--- Work instruction ---
Restate each record exactly as it was written.

--- Input material ---

━━━

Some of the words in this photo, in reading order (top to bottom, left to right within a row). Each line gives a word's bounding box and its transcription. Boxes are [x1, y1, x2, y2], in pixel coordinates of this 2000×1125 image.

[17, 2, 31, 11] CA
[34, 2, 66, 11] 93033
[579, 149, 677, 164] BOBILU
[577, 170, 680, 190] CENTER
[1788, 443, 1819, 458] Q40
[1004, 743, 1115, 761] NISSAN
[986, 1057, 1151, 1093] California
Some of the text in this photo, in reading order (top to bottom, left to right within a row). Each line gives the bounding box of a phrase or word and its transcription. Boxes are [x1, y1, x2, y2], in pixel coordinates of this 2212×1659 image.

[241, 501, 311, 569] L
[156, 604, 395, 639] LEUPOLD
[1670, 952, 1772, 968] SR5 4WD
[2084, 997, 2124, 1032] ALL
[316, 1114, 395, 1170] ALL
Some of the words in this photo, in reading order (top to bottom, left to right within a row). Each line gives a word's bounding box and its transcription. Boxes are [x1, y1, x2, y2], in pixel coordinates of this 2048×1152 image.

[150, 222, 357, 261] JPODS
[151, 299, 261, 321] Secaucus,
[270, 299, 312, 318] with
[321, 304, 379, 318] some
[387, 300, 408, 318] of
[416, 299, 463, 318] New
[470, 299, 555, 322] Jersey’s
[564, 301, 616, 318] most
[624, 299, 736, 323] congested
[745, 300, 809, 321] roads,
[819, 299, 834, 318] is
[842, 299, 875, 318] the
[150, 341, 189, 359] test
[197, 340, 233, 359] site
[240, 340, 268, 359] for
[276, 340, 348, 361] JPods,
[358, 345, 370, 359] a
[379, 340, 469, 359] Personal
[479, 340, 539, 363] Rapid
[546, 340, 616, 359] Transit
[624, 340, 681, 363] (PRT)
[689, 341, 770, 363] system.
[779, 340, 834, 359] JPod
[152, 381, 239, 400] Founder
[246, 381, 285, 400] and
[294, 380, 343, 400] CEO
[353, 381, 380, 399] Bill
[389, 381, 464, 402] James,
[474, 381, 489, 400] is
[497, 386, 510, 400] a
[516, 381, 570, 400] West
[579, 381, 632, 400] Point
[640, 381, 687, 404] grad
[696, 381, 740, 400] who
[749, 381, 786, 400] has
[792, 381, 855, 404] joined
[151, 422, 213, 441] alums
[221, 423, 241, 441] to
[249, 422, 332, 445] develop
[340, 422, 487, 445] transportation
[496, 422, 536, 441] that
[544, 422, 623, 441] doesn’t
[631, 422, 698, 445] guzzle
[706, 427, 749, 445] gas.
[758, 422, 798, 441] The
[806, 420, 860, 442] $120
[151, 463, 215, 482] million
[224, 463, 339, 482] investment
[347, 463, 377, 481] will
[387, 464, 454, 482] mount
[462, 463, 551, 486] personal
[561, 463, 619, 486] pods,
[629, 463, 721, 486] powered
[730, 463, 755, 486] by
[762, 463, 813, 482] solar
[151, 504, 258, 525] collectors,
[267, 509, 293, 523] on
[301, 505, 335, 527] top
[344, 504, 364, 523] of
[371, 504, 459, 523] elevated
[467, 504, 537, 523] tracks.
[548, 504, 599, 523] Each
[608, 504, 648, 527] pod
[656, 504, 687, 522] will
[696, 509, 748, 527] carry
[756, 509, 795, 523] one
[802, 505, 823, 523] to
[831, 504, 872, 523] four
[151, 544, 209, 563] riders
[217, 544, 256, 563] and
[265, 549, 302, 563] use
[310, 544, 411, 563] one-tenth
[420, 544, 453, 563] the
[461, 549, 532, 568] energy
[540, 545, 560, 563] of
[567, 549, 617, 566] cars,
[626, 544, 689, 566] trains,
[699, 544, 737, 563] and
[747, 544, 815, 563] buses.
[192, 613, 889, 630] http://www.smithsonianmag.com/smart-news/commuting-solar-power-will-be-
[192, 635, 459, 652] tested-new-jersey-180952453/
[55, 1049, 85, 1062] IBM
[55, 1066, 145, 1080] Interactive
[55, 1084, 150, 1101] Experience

━━━

--- Result for this exercise ---
Some of the words in this photo, in reading order (top to bottom, left to right within a row). Each line gives a word's bounding box and its transcription. Boxes are [x1, y1, x2, y2], in pixel coordinates of this 2000×1125 image.

[17, 2, 31, 11] CA
[34, 2, 66, 11] 93033
[579, 149, 677, 164] BOBILU
[577, 170, 680, 190] CENTER
[1788, 443, 1819, 458] Q40
[1004, 743, 1115, 761] NISSAN
[986, 1057, 1151, 1093] California
Some of the text in this photo, in reading order (top to bottom, left to right within a row). Each line gives the bounding box of a phrase or word and its transcription. Boxes are [x1, y1, x2, y2], in pixel coordinates of this 2212×1659 image.

[241, 501, 311, 569] L
[156, 604, 395, 639] LEUPOLD
[1670, 952, 1772, 968] SR5 4WD
[2084, 997, 2124, 1032] ALL
[316, 1114, 395, 1170] ALL
Some of the words in this photo, in reading order (top to bottom, left to right within a row). Each line gives a word's bounding box and its transcription. Boxes are [x1, y1, x2, y2], in pixel coordinates of this 2048×1152 image.

[150, 222, 357, 261] JPODS
[151, 299, 261, 321] Secaucus,
[270, 299, 312, 318] with
[321, 304, 379, 318] some
[387, 300, 408, 318] of
[416, 299, 463, 318] New
[470, 299, 555, 322] Jersey’s
[564, 301, 616, 318] most
[624, 299, 736, 323] congested
[745, 300, 809, 321] roads,
[819, 299, 834, 318] is
[842, 299, 875, 318] the
[150, 341, 189, 359] test
[197, 340, 233, 359] site
[240, 340, 268, 359] for
[276, 340, 348, 361] JPods,
[358, 345, 370, 359] a
[379, 340, 469, 359] Personal
[479, 340, 539, 363] Rapid
[546, 340, 616, 359] Transit
[624, 340, 681, 363] (PRT)
[689, 341, 770, 363] system.
[779, 340, 834, 359] JPod
[152, 381, 239, 400] Founder
[246, 381, 285, 400] and
[294, 380, 343, 400] CEO
[353, 381, 380, 399] Bill
[389, 381, 464, 402] James,
[474, 381, 489, 400] is
[497, 386, 510, 400] a
[516, 381, 570, 400] West
[579, 381, 632, 400] Point
[640, 381, 687, 404] grad
[696, 381, 740, 400] who
[749, 381, 786, 400] has
[792, 381, 855, 404] joined
[151, 422, 213, 441] alums
[221, 423, 241, 441] to
[249, 422, 332, 445] develop
[340, 422, 487, 445] transportation
[496, 422, 536, 441] that
[544, 422, 623, 441] doesn’t
[631, 422, 698, 445] guzzle
[706, 427, 749, 445] gas.
[758, 422, 798, 441] The
[806, 420, 860, 442] $120
[151, 463, 215, 482] million
[224, 463, 339, 482] investment
[347, 463, 377, 481] will
[387, 464, 454, 482] mount
[462, 463, 551, 486] personal
[561, 463, 619, 486] pods,
[629, 463, 721, 486] powered
[730, 463, 755, 486] by
[762, 463, 813, 482] solar
[151, 504, 258, 525] collectors,
[267, 509, 293, 523] on
[301, 505, 335, 527] top
[344, 504, 364, 523] of
[371, 504, 459, 523] elevated
[467, 504, 537, 523] tracks.
[548, 504, 599, 523] Each
[608, 504, 648, 527] pod
[656, 504, 687, 522] will
[696, 509, 748, 527] carry
[756, 509, 795, 523] one
[802, 505, 823, 523] to
[831, 504, 872, 523] four
[151, 544, 209, 563] riders
[217, 544, 256, 563] and
[265, 549, 302, 563] use
[310, 544, 411, 563] one-tenth
[420, 544, 453, 563] the
[461, 549, 532, 568] energy
[540, 545, 560, 563] of
[567, 549, 617, 566] cars,
[626, 544, 689, 566] trains,
[699, 544, 737, 563] and
[747, 544, 815, 563] buses.
[192, 613, 889, 630] http://www.smithsonianmag.com/smart-news/commuting-solar-power-will-be-
[192, 635, 459, 652] tested-new-jersey-180952453/
[55, 1049, 85, 1062] IBM
[55, 1066, 145, 1080] Interactive
[55, 1084, 150, 1101] Experience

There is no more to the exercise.